## The Astounding Power of Area

### 4.8 EXTRA: Pushing Infinite Examples Further – Part 2

<Under Construction>

Here’s an infinite garden path with two types of two-way forks: each fork sends half the folk to one house and the other half to the other type of fork.

We have a start node, which we’ll call S, which sends folk to house A and to the second node, which we’ll call 1. This second node sends folk to house B and to another node identical to S. Thus this infinite garden path system can be more succinctly drawn as follows.

Here’s the iteration process we have represented via areas.

Upon repeated iteration we see that the square is going to fill up with two-thirds of the area yellow labeled A and one-third of the area blue labeled B. Thus two-thirds of the folk heading down the infinite garden path system will end up in house A and the one-third in house B.

If we like we can now say that our iteration process is “equivalent in distribution” to a one-step picture

and our system of nodes and paths is “equivalent in distribution” to a much simpler system.

WARNING: We are now ignoring the average number of steps people take to reach a house. Clearly in the simpler picture of a start node and an edge directly to each house, each and every person takes exactly one step to reach a house. But in the original diagram folk take an average of $$\dfrac{5}{3}$$ steps to reach a house. (Check this.) But in both systems, the same two-thirds/one-third proportions of people end up in each house.  In all that follows we’ll assume we only care about the proportion of people that end up in each house.

### A Complicated Example

Consider this tangled system of nodes and edges and three houses.
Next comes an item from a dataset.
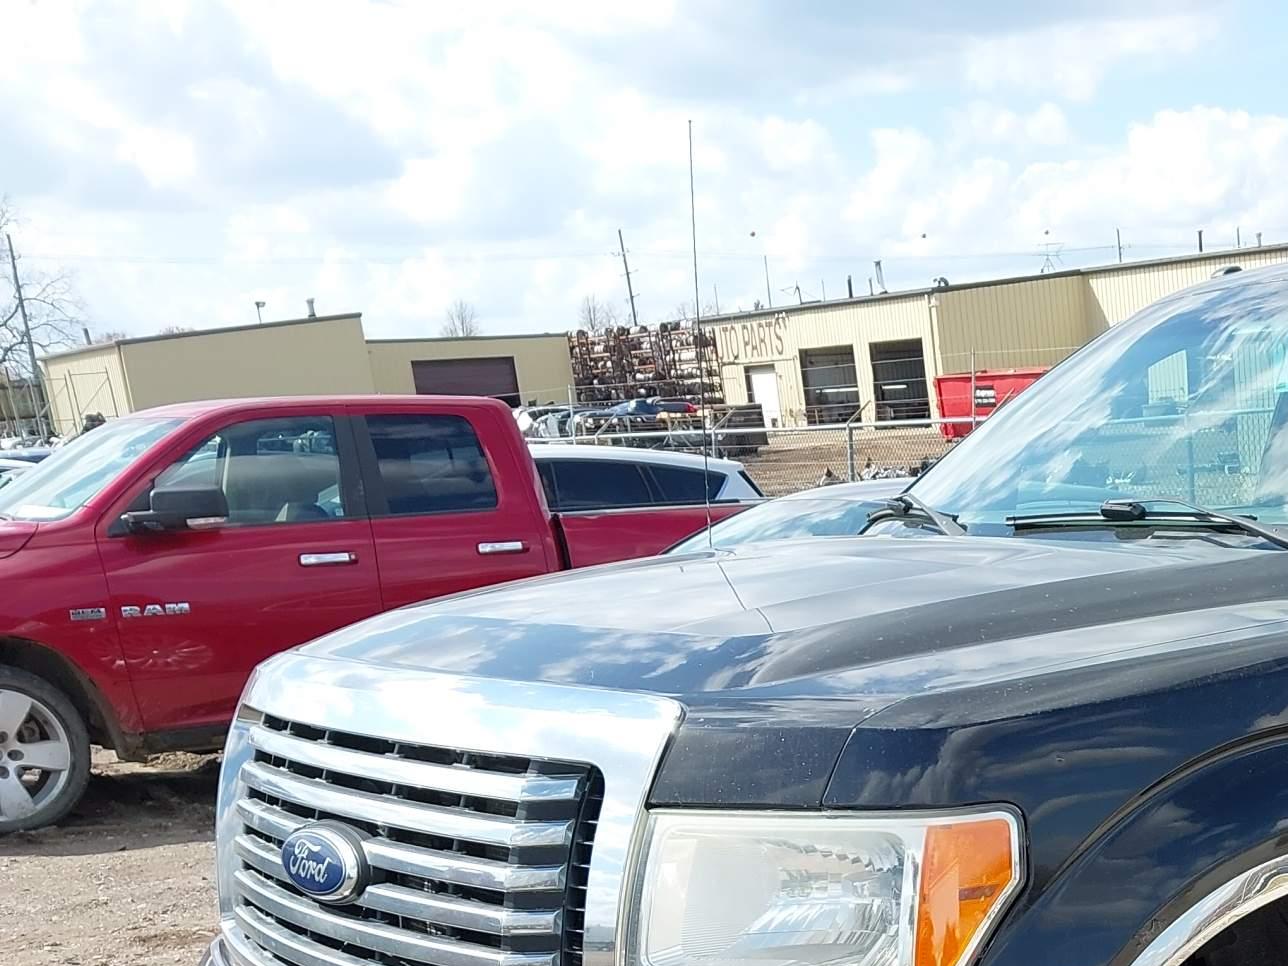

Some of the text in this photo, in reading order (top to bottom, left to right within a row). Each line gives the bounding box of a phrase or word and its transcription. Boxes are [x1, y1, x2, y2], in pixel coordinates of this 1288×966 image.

W have following iteration picture for S.

It involves node 1 which has this iteration picture.

And this involves node 2 which has this iteration picture.

We can work this third diagram as it refers only to itself! (Let’s say that it is “purely self-referential.”) We see it is equivalent to

So of all the people that end up in node 2, half will go to house A and half will go to house B. We can use this observation to rewrite the iteration process for node 1.

So of all the people that ever end up in node 1, a third will go back to start, one half will go to house A, and one sixth to house B. We can use this observation to rewrite the iteration process for the start node.

This is now refers only to itself! (Again, its purely self-referential.) If we imagine the whole square divided into twelfths, we see that area A occupies 3 twelfths of the square, B just 1 twelfth, and C fills 6 twelfths. A total of ten twelfths are colored.  So A covers $$\dfrac{3}{10}$$ of the colored area, B covers  $$\dfrac{1}{10}$$, and covers $$\dfrac{6}{10}$$. These are the proportions of the whole square that will be covered by each color after repeated iteration, and so we see

30% of people end up in house A

10% of people in house B

60% of people in house C.

(Phew! That was complicated.)

### A Simpler Coin-Toss Question

I will repeatedly toss a coin. What are the chances I’ll see two heads tossed in a row (HH) before I’ll see a head immediately followed by a tail (HT)?

We can answer this question by pure thought:

If I first toss one tail, or two tails, or a string of tails of any length, we’re no closer to seeing either HH or HT. The experiment doesn’t “kick in” until I see my first head.  Once I do, there is a 50% chance that the toss after that will also land heads (to see HH) and a 50% it will land tail (to see HT). Thus there is a 50% chance I will see HH before seeing HT.

But let’s answer this question by drawing a diagram of nodes, edges, and houses.

To do this, imagine an inconceivably large number each about to repeatedly toss a coin. They all begin in a start state of “about to toss their coin for the first time.” We’ll label this state S.

On a first toss, some will toss a head right away–half of them in an ideal world–and be set for seeing either HH or HT. The other half will toss a tail, which is irrelevant to the outcome desired. We may as well just send those folk back to the start state and have them try again.

Of those who first toss a head, half (in an ideal world) will next toss a head to see HH and half a tail to see HT.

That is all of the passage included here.